The Thing That No One Seems To Talk About
When people hear about eating disorders their brain often goes to one of two areas: anorexia or bulimia. And they’re not wrong. Anorexia and bulimia are both incredibly dangerous and scary eating disorders which can completely consume someone’s life, but what is often left out of conversations about eating disorders are those which involve binge eating. So, for this post I wanted to draw attention to a group of eating disorders that rarely gets talked about- eating disorders concerned with binge eating. People claim that having the urge to overeat is unnatural, animalistic almost and something that can be controlled. What people don’t realize is that it is hard. And just like how those with anorexia struggle with how to shove food down their throats when their heart is begging them not to, and just like how an alcoholic can’t walk past a bar without feeling a nag somewhere deep inside them, there are people with eating disorders who can’t stop eating. I know it sounds silly or odd because it is not often talked about, but it exists and it can be just as real and scary for people as anorexia and bulimia can be. Often, people with these types of eating disorder- which can be classified as binge eating, feel ashamed of their behavior and will binge eat alone, or eat when they are not hungry out of stress.

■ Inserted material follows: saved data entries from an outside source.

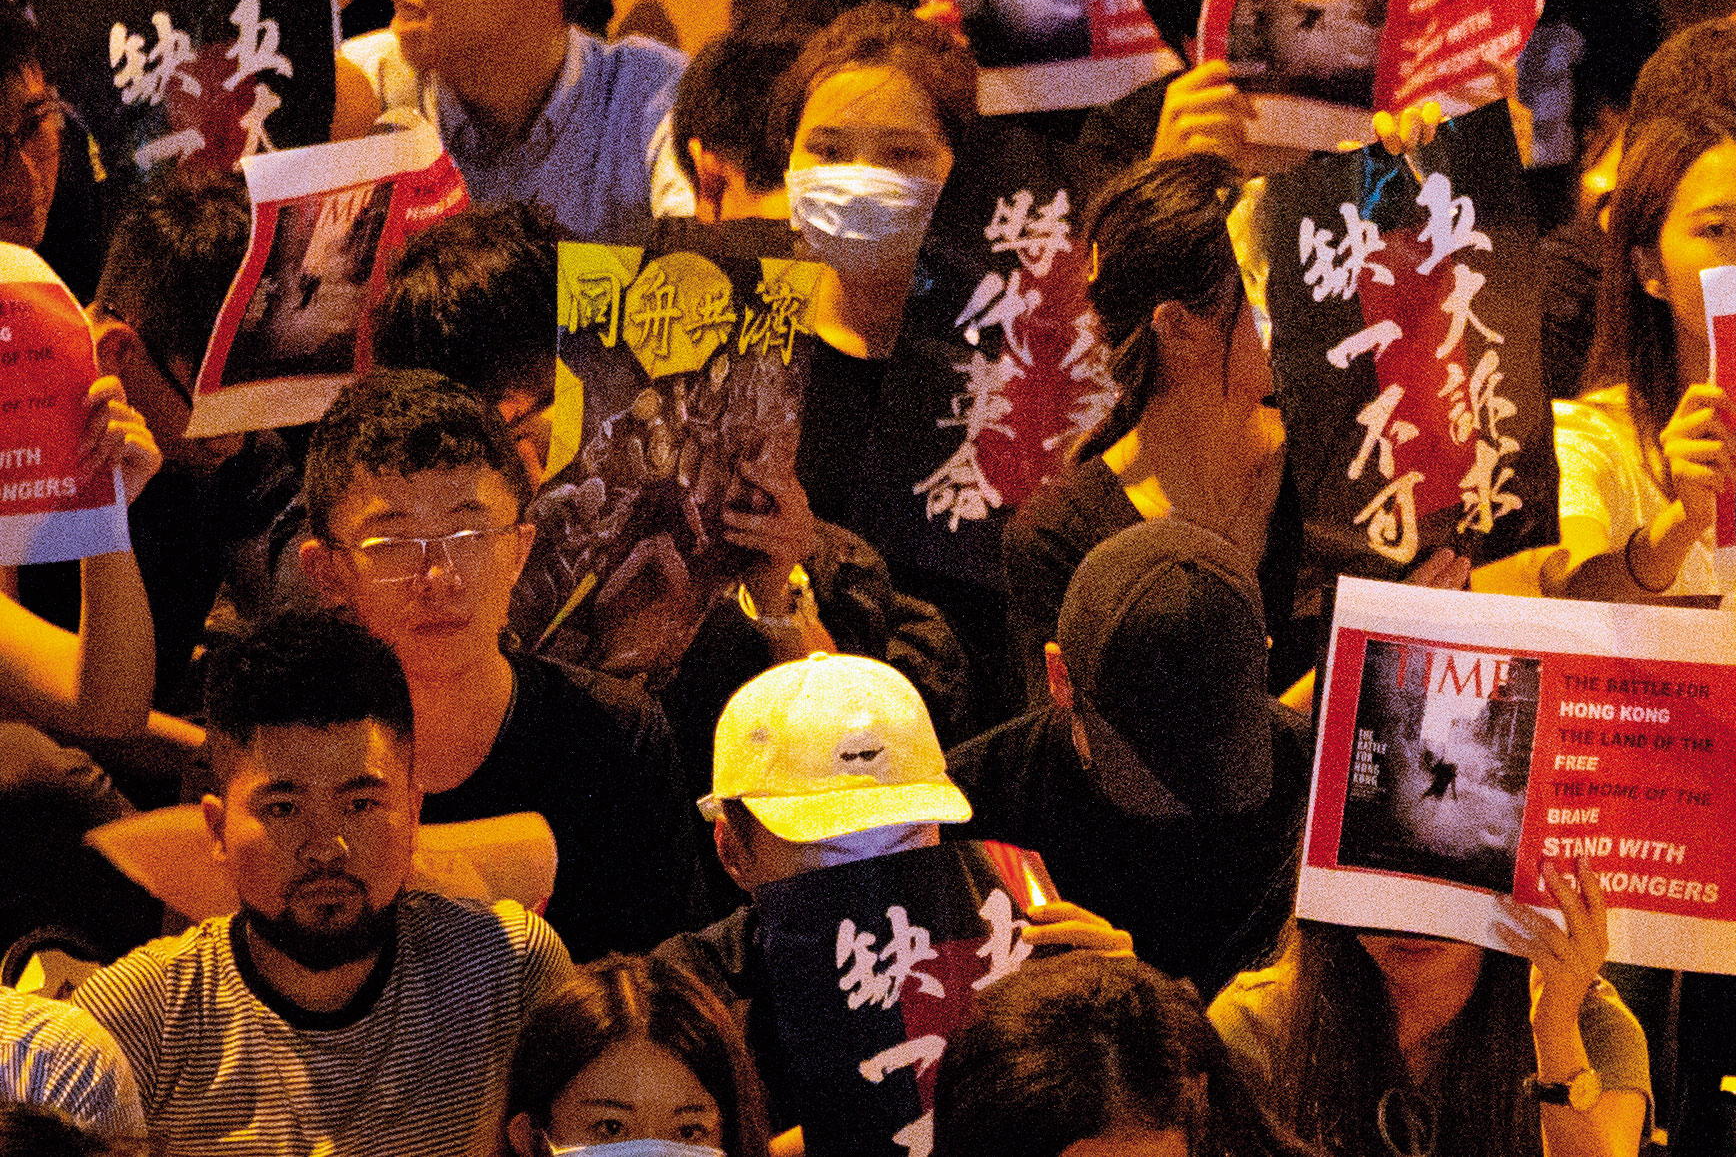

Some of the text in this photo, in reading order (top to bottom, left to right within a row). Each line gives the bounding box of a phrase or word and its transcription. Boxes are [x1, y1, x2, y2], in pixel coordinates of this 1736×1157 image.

[1415, 172, 1522, 533] 五大訴求
[1299, 202, 1424, 564] 缺一不可
[1389, 645, 1520, 705] TIME
[1564, 675, 1709, 698] THE BATTLE FOR
[1560, 701, 1671, 724] HONG KONG
[1559, 728, 1714, 753] THE LAND OF THE
[1554, 755, 1600, 771] FREE
[1554, 781, 1711, 807] THE HOME OF THE
[1547, 807, 1600, 825] BRAVE
[1542, 836, 1687, 864] STAND WITH
[1538, 869, 1720, 904] KONGERS

For me, I often looked as food as something comforting, something that could heal me in some ways. But that didn’t make it any less embarrassing when my friends would say how full they were when I knew I could eat more. And I would eat more, alone, in my room or out of sight of the judging eyes of others. I thought I was weird and abnormal. I didn’t think my body was made normally. I didn’t understand, and sometimes I still don’t. But the guilt I would feel, and sometimes what I still feel after treating myself to a treat, is, to put it simply, agonizing. It can make you hate yourself, it can make you want to punch a wall or scream or cry or both. I didn’t think I had an actual problem because I didn’t know what I was doing could be classified as an actual condition. When I finally realized that I wasn’t crazy because this wasn’t just happening to me, I found I could also begin to love myself. I wish more than anything that I had known what I was going through wasn’t as alien as I thought it was. And that is why I am being so open about it now, because even though this terrifies me beyond belief, I know that if I had read something like this how ever many years ago, I wouldn't have felt so disgusting and so alone.

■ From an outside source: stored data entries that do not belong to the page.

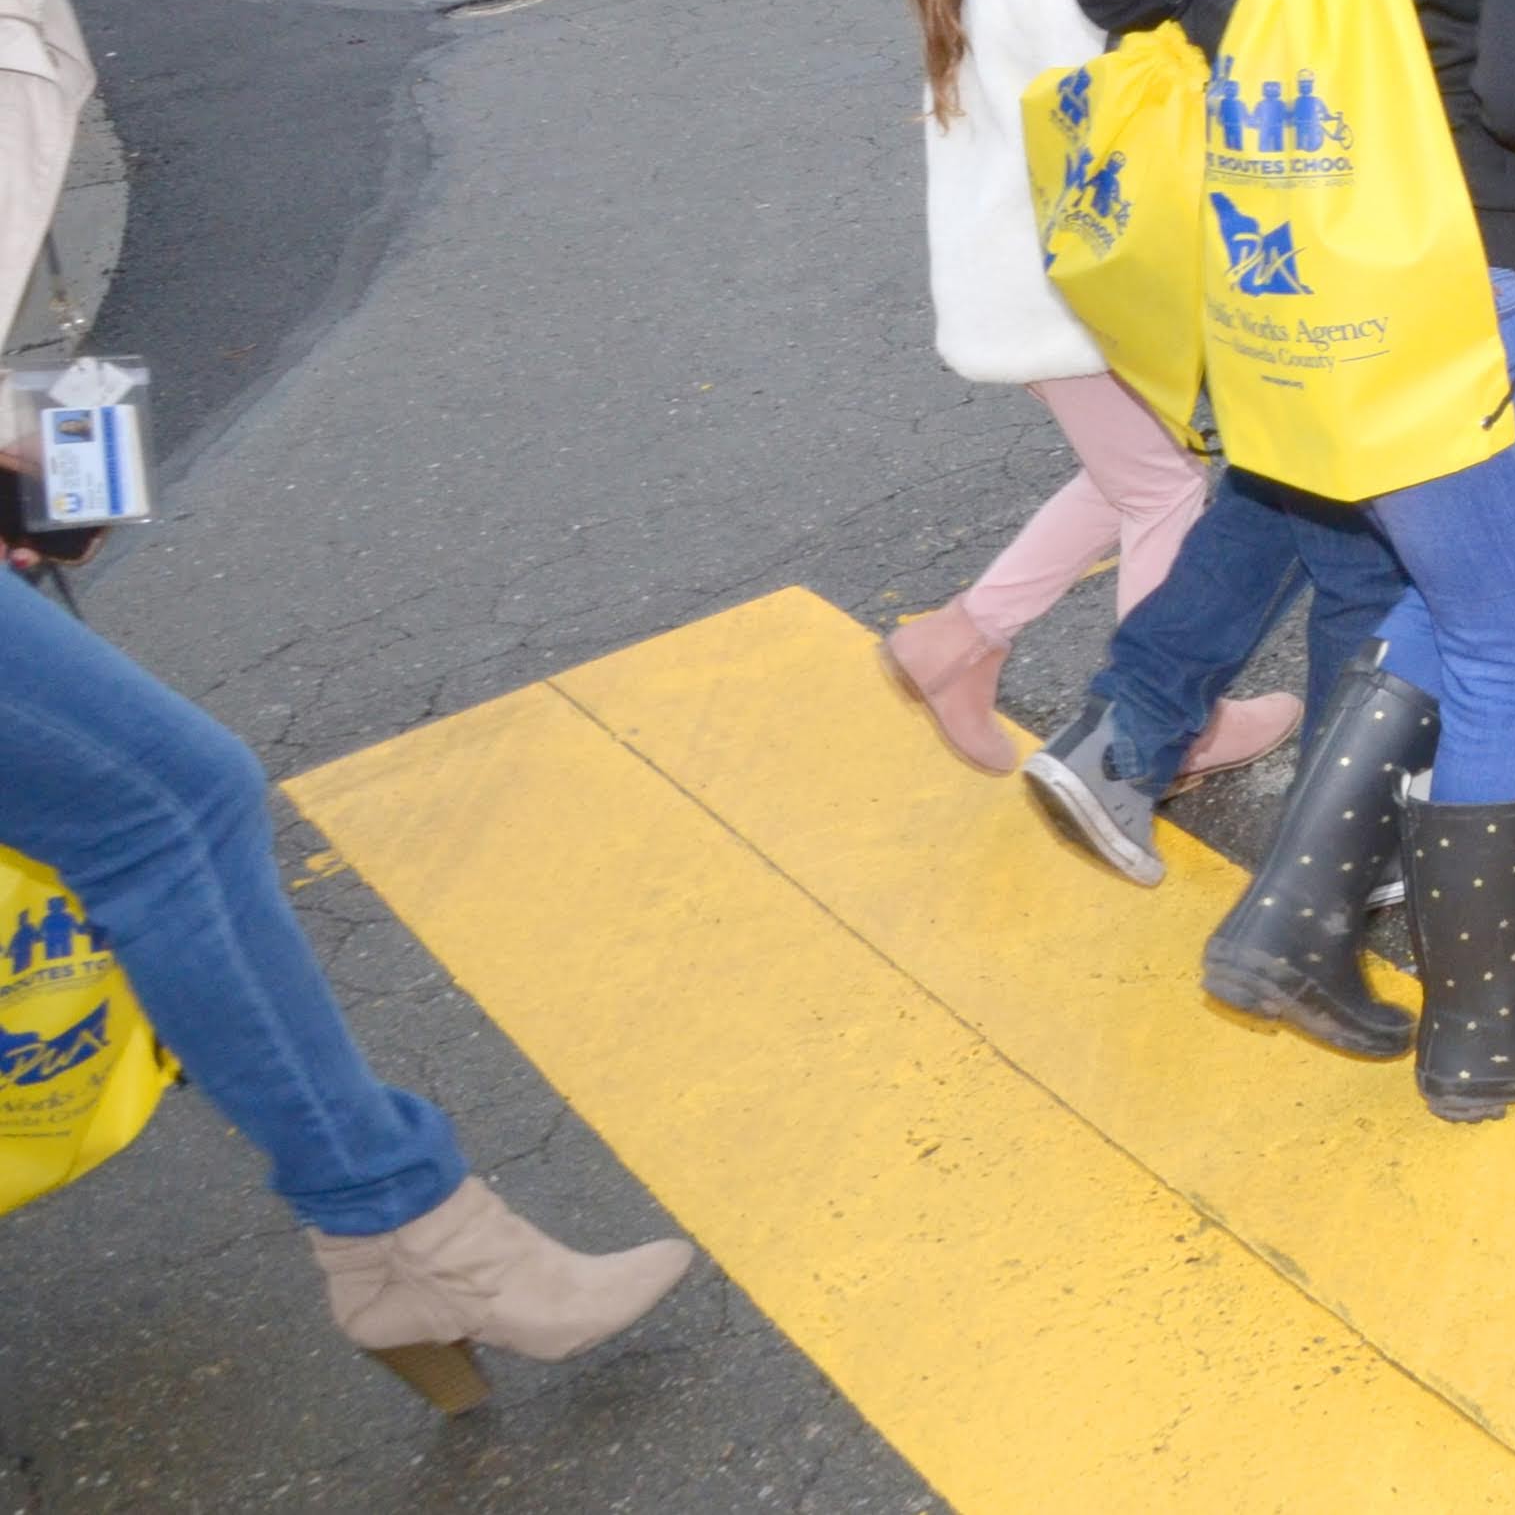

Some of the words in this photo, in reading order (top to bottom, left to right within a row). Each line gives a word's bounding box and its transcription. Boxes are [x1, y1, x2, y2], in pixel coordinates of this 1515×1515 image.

[1217, 156, 1285, 175] ROUTES
[1290, 157, 1354, 173] CHOO
[1295, 316, 1390, 352] Agency
[1278, 348, 1336, 374] County
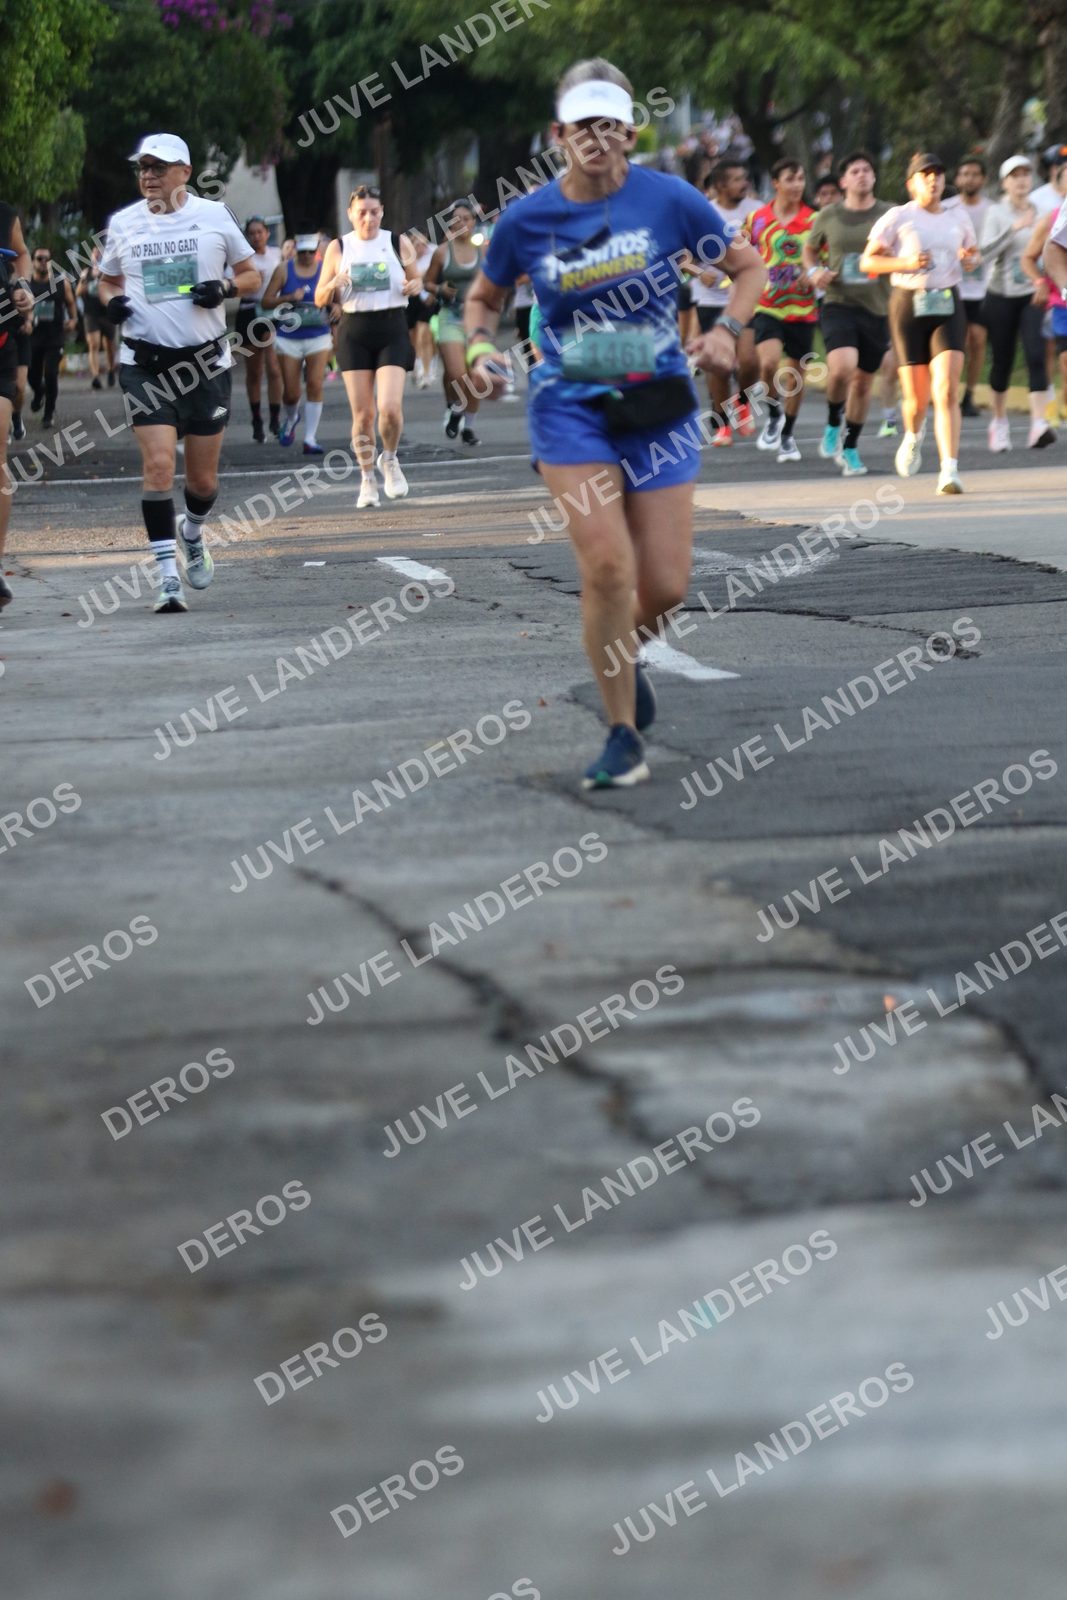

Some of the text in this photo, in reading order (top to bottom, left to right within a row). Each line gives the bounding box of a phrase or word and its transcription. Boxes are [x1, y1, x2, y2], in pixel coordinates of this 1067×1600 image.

[131, 238, 198, 258] NO PAIN NO GAIN
[560, 253, 647, 291] RUNNERS
[588, 341, 650, 369] 1461

There are so many types of eating disorders that are often left undiscussed, even more than the ones I have mentioned above. Here is a link to a website with more information about types, symptoms and general information if you might be seeking help or answers: https://www.nationaleatingdisorders.org/types-symptoms-eating-disorders. Please also feel free to reach out to me or a loved one if you are struggling through an eating disorder- diagnosed or not. No one should have to through any of this alone, and it’s important to know you don’t have to.